Zak insisted I was ready. I was and I wasn't. I wanted to ease Nate's and Megan's pain, but I was still terrified of hurting them. My risk with the perfume lady paid off, but what I needed to do with Nate and Megan was much more complex than shooting liquid at Zak's neck. I wanted more test subjects. More human test subjects. But what were we going to do? Nab someone off the street? It wouldn't be right. It wouldn't be fair to them.

Part of me didn't care. Hurt Megan and Nate or a complete stranger? Easy choice. Well, not easy, but the only one I could ever make. Just like my mother, who would always put those she loves—especially me—first.

The way she did the day Jenny fell from the swing in our backyard. She used her powers to try to save my nine-year-old best friend's life. But she was seen. Mrs. Seyfreth, our other next-door neighbor, witnessed my mother using magic. I now know all the horrible things that could have happened if the Afrit had found out. Which is why my mother did what she did. To protect us, she made Mrs. Seyfreth forget.

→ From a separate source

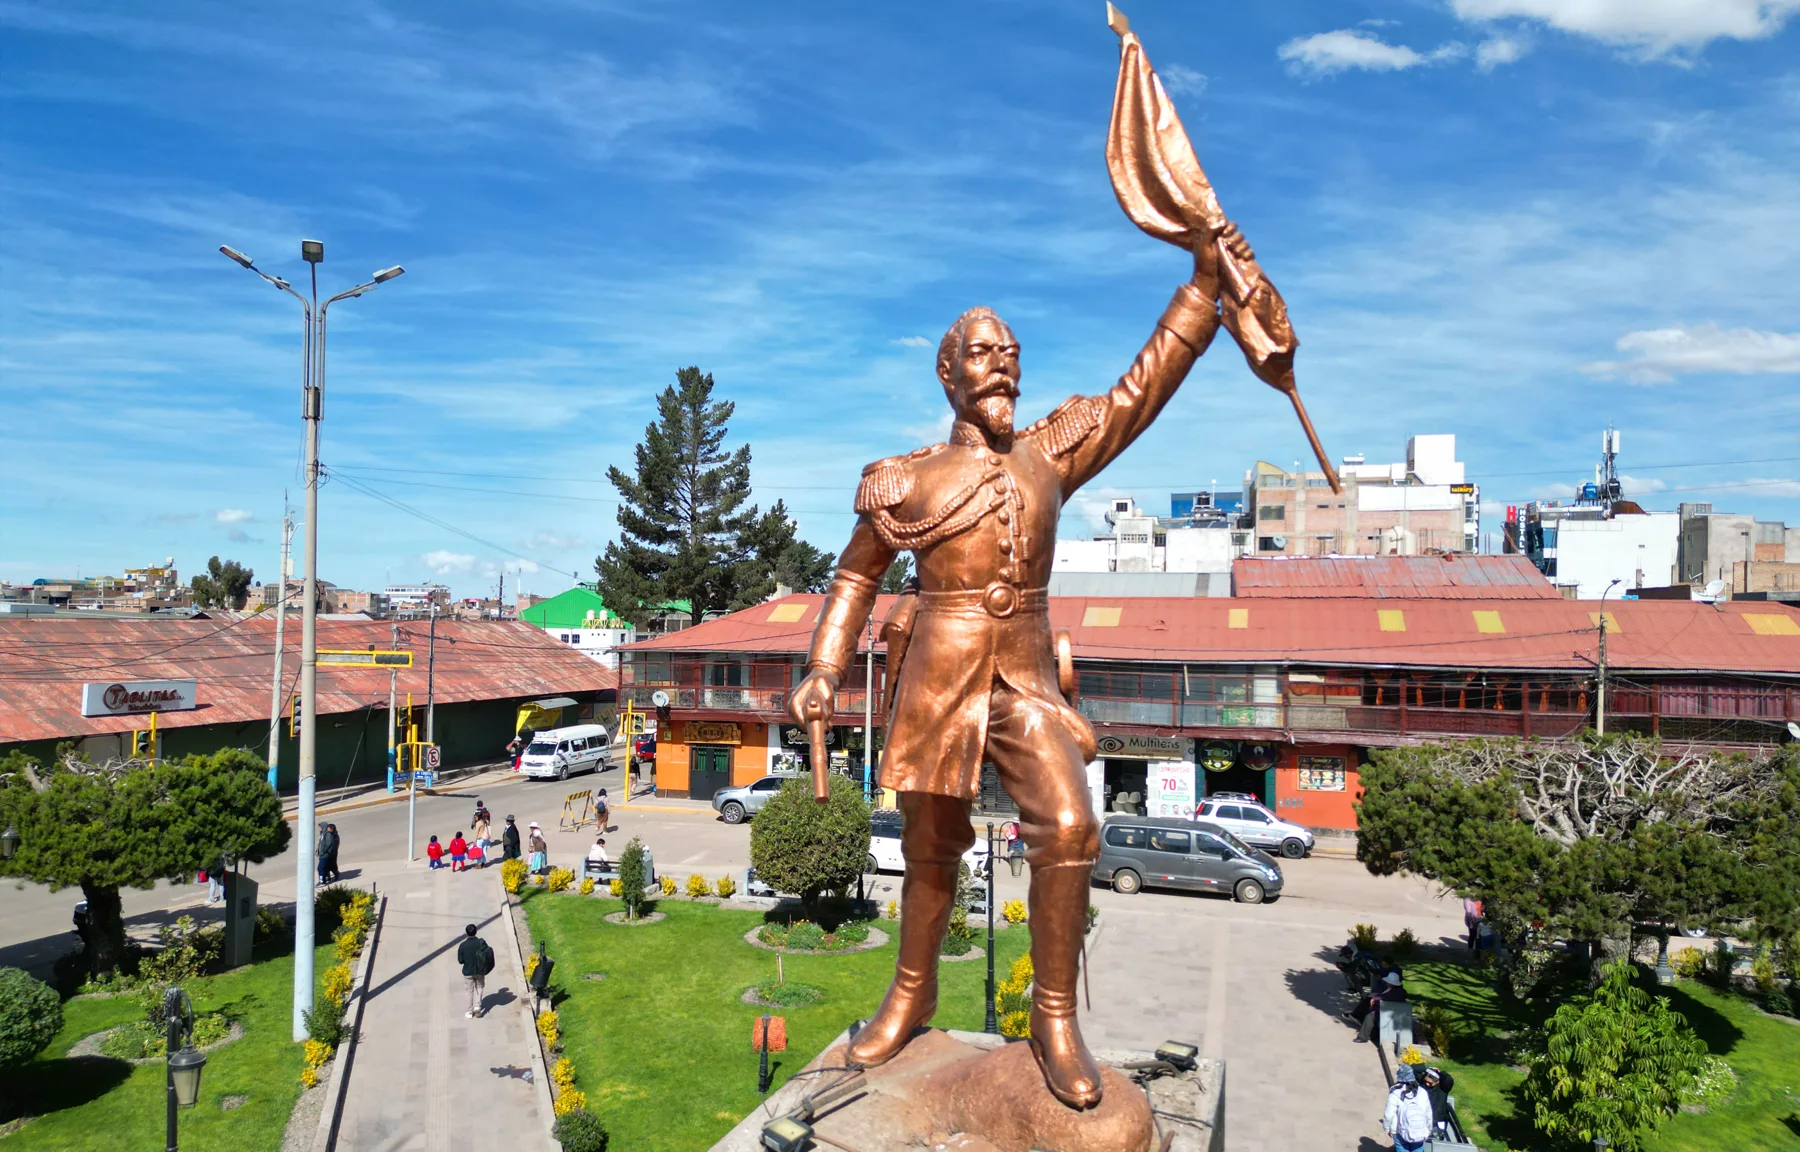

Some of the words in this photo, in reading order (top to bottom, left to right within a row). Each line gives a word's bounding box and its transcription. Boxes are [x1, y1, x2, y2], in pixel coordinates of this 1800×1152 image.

Since my mother's not of the Afrit bloodline, she can't do mind control the way the Afrit—the way
we
—can. But her magical talent allows her to come close using spells. Unfortunately, my mother's spell wound up hurting Mrs. Seyfreth, damaging her brain and accelerating the dementia that was just beginning to show. My mother has never forgiven herself. She insists what she did was wrong and that she wouldn't do it again. I don't believe her. I know she'd do whatever she had to in order to protect me.

Which is why, fair or not, when I returned to the woods after a break to check in on Megan and thought I saw Zak talking to someone, I was relieved. I thought he really had found a random stranger for me to practice on one last time.

He hadn't. It was just a neighbor whose dog had freed itself from its leash. There would be no more practicing. It was time.

And so, one after the next, I made their memories of Mr. Reese heavier on the sweet than the bitter. I made their fears about Mrs. Reese's recovery less than their hopes. I made their hurt less. I didn't take it all away. Even if I could, it wouldn't be right. It wouldn't be the best way to honor Mr. Reese's memory.

The weight that comes when remembering someone who's gone gives that someone weight. It makes them real. It makes them—their past and their future absence—a part of who we are and who we will become. And that's not something anyone—even me—should be messing with, no matter how good the intentions.